EXERCISE PROMPT => Exactly as written, reproduce all of the entries.

= = = = =

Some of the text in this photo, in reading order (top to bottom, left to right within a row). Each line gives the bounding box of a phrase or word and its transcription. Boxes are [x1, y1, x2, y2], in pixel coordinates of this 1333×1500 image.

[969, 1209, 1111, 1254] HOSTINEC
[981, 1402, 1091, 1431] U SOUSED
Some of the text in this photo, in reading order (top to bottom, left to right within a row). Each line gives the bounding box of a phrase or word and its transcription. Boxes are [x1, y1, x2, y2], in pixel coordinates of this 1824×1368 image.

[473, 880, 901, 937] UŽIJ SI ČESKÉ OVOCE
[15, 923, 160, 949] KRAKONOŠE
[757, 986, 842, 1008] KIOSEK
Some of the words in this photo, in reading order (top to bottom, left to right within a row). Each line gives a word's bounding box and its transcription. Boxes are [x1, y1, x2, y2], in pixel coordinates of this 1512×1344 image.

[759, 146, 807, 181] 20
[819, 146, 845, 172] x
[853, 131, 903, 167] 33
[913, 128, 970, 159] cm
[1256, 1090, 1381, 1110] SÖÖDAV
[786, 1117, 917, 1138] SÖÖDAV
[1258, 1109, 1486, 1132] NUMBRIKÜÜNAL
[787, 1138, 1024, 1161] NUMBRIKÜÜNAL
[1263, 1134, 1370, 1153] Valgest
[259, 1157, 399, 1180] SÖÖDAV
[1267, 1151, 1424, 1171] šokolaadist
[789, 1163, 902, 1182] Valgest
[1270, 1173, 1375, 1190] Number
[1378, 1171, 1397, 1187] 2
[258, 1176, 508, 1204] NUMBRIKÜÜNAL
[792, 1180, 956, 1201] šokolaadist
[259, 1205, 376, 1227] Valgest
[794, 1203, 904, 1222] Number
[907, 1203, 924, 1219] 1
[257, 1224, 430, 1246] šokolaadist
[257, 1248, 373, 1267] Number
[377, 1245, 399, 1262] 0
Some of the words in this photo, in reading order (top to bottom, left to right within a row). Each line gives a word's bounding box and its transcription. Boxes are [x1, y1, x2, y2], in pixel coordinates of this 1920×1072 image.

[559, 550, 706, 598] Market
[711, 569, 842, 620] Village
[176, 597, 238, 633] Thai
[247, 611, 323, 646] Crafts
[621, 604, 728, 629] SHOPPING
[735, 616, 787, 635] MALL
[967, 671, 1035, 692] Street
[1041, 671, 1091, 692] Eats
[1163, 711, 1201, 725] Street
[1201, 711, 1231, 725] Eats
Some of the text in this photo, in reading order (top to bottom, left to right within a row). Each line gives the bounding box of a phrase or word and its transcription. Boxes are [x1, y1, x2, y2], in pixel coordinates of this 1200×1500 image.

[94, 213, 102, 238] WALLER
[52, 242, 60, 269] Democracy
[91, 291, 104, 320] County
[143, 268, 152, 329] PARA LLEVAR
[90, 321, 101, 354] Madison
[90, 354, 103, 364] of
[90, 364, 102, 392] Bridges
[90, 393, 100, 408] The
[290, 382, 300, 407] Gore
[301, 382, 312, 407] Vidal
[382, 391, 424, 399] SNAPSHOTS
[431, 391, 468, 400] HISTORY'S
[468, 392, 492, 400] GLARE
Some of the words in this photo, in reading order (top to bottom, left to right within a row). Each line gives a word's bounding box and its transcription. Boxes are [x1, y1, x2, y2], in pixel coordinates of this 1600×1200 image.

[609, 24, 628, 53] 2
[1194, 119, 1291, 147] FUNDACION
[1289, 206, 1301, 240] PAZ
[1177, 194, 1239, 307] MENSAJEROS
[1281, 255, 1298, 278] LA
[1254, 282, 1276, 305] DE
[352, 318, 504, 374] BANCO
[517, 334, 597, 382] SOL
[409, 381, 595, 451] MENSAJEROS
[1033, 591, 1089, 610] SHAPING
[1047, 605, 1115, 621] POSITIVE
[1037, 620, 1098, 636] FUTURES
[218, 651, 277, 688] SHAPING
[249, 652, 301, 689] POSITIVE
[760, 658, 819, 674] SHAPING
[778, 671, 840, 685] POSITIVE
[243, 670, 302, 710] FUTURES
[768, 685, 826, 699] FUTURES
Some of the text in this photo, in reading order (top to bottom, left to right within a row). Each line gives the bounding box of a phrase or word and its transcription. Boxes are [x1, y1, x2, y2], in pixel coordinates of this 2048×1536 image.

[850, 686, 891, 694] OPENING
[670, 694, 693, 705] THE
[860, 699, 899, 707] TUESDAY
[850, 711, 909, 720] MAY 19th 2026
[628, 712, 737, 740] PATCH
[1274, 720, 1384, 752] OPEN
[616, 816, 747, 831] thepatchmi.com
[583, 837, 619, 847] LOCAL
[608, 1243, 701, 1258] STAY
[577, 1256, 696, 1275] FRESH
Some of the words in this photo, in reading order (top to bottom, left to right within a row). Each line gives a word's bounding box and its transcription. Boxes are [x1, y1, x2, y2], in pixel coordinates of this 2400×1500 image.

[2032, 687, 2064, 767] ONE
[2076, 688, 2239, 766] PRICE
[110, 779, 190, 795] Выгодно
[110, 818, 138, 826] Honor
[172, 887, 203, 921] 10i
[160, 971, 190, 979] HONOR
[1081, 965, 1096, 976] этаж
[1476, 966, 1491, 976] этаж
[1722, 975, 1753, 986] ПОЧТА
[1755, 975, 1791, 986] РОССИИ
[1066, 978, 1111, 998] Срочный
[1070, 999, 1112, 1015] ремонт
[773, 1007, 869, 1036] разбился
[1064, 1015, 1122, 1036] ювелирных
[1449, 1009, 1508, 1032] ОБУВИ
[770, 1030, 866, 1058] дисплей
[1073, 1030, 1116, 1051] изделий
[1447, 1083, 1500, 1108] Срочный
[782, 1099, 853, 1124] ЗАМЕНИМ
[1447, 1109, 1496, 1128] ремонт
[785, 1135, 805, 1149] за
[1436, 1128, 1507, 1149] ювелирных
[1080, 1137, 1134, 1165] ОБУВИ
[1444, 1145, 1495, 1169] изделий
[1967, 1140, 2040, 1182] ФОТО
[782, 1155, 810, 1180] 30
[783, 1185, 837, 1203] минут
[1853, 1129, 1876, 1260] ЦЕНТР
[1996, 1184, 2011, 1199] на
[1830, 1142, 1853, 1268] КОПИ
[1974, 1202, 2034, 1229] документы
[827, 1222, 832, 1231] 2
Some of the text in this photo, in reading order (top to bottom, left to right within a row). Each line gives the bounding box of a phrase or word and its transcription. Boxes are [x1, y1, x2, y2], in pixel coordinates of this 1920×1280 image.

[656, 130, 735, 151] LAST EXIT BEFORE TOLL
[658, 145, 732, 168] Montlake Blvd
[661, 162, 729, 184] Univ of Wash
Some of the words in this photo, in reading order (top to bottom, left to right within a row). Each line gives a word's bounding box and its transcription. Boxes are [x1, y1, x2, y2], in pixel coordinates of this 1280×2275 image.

= = = = =

TASK SOLUTION =>
Some of the text in this photo, in reading order (top to bottom, left to right within a row). Each line gives the bounding box of a phrase or word and its transcription. Boxes are [x1, y1, x2, y2], in pixel coordinates of this 1333×1500 image.

[969, 1209, 1111, 1254] HOSTINEC
[981, 1402, 1091, 1431] U SOUSED
Some of the text in this photo, in reading order (top to bottom, left to right within a row). Each line gives the bounding box of a phrase or word and its transcription. Boxes are [x1, y1, x2, y2], in pixel coordinates of this 1824×1368 image.

[473, 880, 901, 937] UŽIJ SI ČESKÉ OVOCE
[15, 923, 160, 949] KRAKONOŠE
[757, 986, 842, 1008] KIOSEK
Some of the words in this photo, in reading order (top to bottom, left to right within a row). Each line gives a word's bounding box and its transcription. Boxes are [x1, y1, x2, y2], in pixel coordinates of this 1512×1344 image.

[759, 146, 807, 181] 20
[819, 146, 845, 172] x
[853, 131, 903, 167] 33
[913, 128, 970, 159] cm
[1256, 1090, 1381, 1110] SÖÖDAV
[786, 1117, 917, 1138] SÖÖDAV
[1258, 1109, 1486, 1132] NUMBRIKÜÜNAL
[787, 1138, 1024, 1161] NUMBRIKÜÜNAL
[1263, 1134, 1370, 1153] Valgest
[259, 1157, 399, 1180] SÖÖDAV
[1267, 1151, 1424, 1171] šokolaadist
[789, 1163, 902, 1182] Valgest
[1270, 1173, 1375, 1190] Number
[1378, 1171, 1397, 1187] 2
[258, 1176, 508, 1204] NUMBRIKÜÜNAL
[792, 1180, 956, 1201] šokolaadist
[259, 1205, 376, 1227] Valgest
[794, 1203, 904, 1222] Number
[907, 1203, 924, 1219] 1
[257, 1224, 430, 1246] šokolaadist
[257, 1248, 373, 1267] Number
[377, 1245, 399, 1262] 0
Some of the words in this photo, in reading order (top to bottom, left to right within a row). Each line gives a word's bounding box and its transcription. Boxes are [x1, y1, x2, y2], in pixel coordinates of this 1920×1072 image.

[559, 550, 706, 598] Market
[711, 569, 842, 620] Village
[176, 597, 238, 633] Thai
[247, 611, 323, 646] Crafts
[621, 604, 728, 629] SHOPPING
[735, 616, 787, 635] MALL
[967, 671, 1035, 692] Street
[1041, 671, 1091, 692] Eats
[1163, 711, 1201, 725] Street
[1201, 711, 1231, 725] Eats
Some of the text in this photo, in reading order (top to bottom, left to right within a row). Each line gives the bounding box of a phrase or word and its transcription. Boxes are [x1, y1, x2, y2], in pixel coordinates of this 1200×1500 image.

[94, 213, 102, 238] WALLER
[52, 242, 60, 269] Democracy
[91, 291, 104, 320] County
[143, 268, 152, 329] PARA LLEVAR
[90, 321, 101, 354] Madison
[90, 354, 103, 364] of
[90, 364, 102, 392] Bridges
[90, 393, 100, 408] The
[290, 382, 300, 407] Gore
[301, 382, 312, 407] Vidal
[382, 391, 424, 399] SNAPSHOTS
[431, 391, 468, 400] HISTORY'S
[468, 392, 492, 400] GLARE
Some of the words in this photo, in reading order (top to bottom, left to right within a row). Each line gives a word's bounding box and its transcription. Boxes are [x1, y1, x2, y2], in pixel coordinates of this 1600×1200 image.

[609, 24, 628, 53] 2
[1194, 119, 1291, 147] FUNDACION
[1289, 206, 1301, 240] PAZ
[1177, 194, 1239, 307] MENSAJEROS
[1281, 255, 1298, 278] LA
[1254, 282, 1276, 305] DE
[352, 318, 504, 374] BANCO
[517, 334, 597, 382] SOL
[409, 381, 595, 451] MENSAJEROS
[1033, 591, 1089, 610] SHAPING
[1047, 605, 1115, 621] POSITIVE
[1037, 620, 1098, 636] FUTURES
[218, 651, 277, 688] SHAPING
[249, 652, 301, 689] POSITIVE
[760, 658, 819, 674] SHAPING
[778, 671, 840, 685] POSITIVE
[243, 670, 302, 710] FUTURES
[768, 685, 826, 699] FUTURES
Some of the text in this photo, in reading order (top to bottom, left to right within a row). Each line gives the bounding box of a phrase or word and its transcription. Boxes are [x1, y1, x2, y2], in pixel coordinates of this 2048×1536 image.

[850, 686, 891, 694] OPENING
[670, 694, 693, 705] THE
[860, 699, 899, 707] TUESDAY
[850, 711, 909, 720] MAY 19th 2026
[628, 712, 737, 740] PATCH
[1274, 720, 1384, 752] OPEN
[616, 816, 747, 831] thepatchmi.com
[583, 837, 619, 847] LOCAL
[608, 1243, 701, 1258] STAY
[577, 1256, 696, 1275] FRESH
Some of the words in this photo, in reading order (top to bottom, left to right within a row). Each line gives a word's bounding box and its transcription. Boxes are [x1, y1, x2, y2], in pixel coordinates of this 2400×1500 image.

[2032, 687, 2064, 767] ONE
[2076, 688, 2239, 766] PRICE
[110, 779, 190, 795] Выгодно
[110, 818, 138, 826] Honor
[172, 887, 203, 921] 10i
[160, 971, 190, 979] HONOR
[1081, 965, 1096, 976] этаж
[1476, 966, 1491, 976] этаж
[1722, 975, 1753, 986] ПОЧТА
[1755, 975, 1791, 986] РОССИИ
[1066, 978, 1111, 998] Срочный
[1070, 999, 1112, 1015] ремонт
[773, 1007, 869, 1036] разбился
[1064, 1015, 1122, 1036] ювелирных
[1449, 1009, 1508, 1032] ОБУВИ
[770, 1030, 866, 1058] дисплей
[1073, 1030, 1116, 1051] изделий
[1447, 1083, 1500, 1108] Срочный
[782, 1099, 853, 1124] ЗАМЕНИМ
[1447, 1109, 1496, 1128] ремонт
[785, 1135, 805, 1149] за
[1436, 1128, 1507, 1149] ювелирных
[1080, 1137, 1134, 1165] ОБУВИ
[1444, 1145, 1495, 1169] изделий
[1967, 1140, 2040, 1182] ФОТО
[782, 1155, 810, 1180] 30
[783, 1185, 837, 1203] минут
[1853, 1129, 1876, 1260] ЦЕНТР
[1996, 1184, 2011, 1199] на
[1830, 1142, 1853, 1268] КОПИ
[1974, 1202, 2034, 1229] документы
[827, 1222, 832, 1231] 2
Some of the text in this photo, in reading order (top to bottom, left to right within a row). Each line gives the bounding box of a phrase or word and its transcription. Boxes are [x1, y1, x2, y2], in pixel coordinates of this 1920×1280 image.

[656, 130, 735, 151] LAST EXIT BEFORE TOLL
[658, 145, 732, 168] Montlake Blvd
[661, 162, 729, 184] Univ of Wash
Some of the words in this photo, in reading order (top to bottom, left to right within a row). Each line gives a word's bounding box and its transcription. Boxes are [x1, y1, x2, y2], in pixel coordinates of this 1280×2275 image.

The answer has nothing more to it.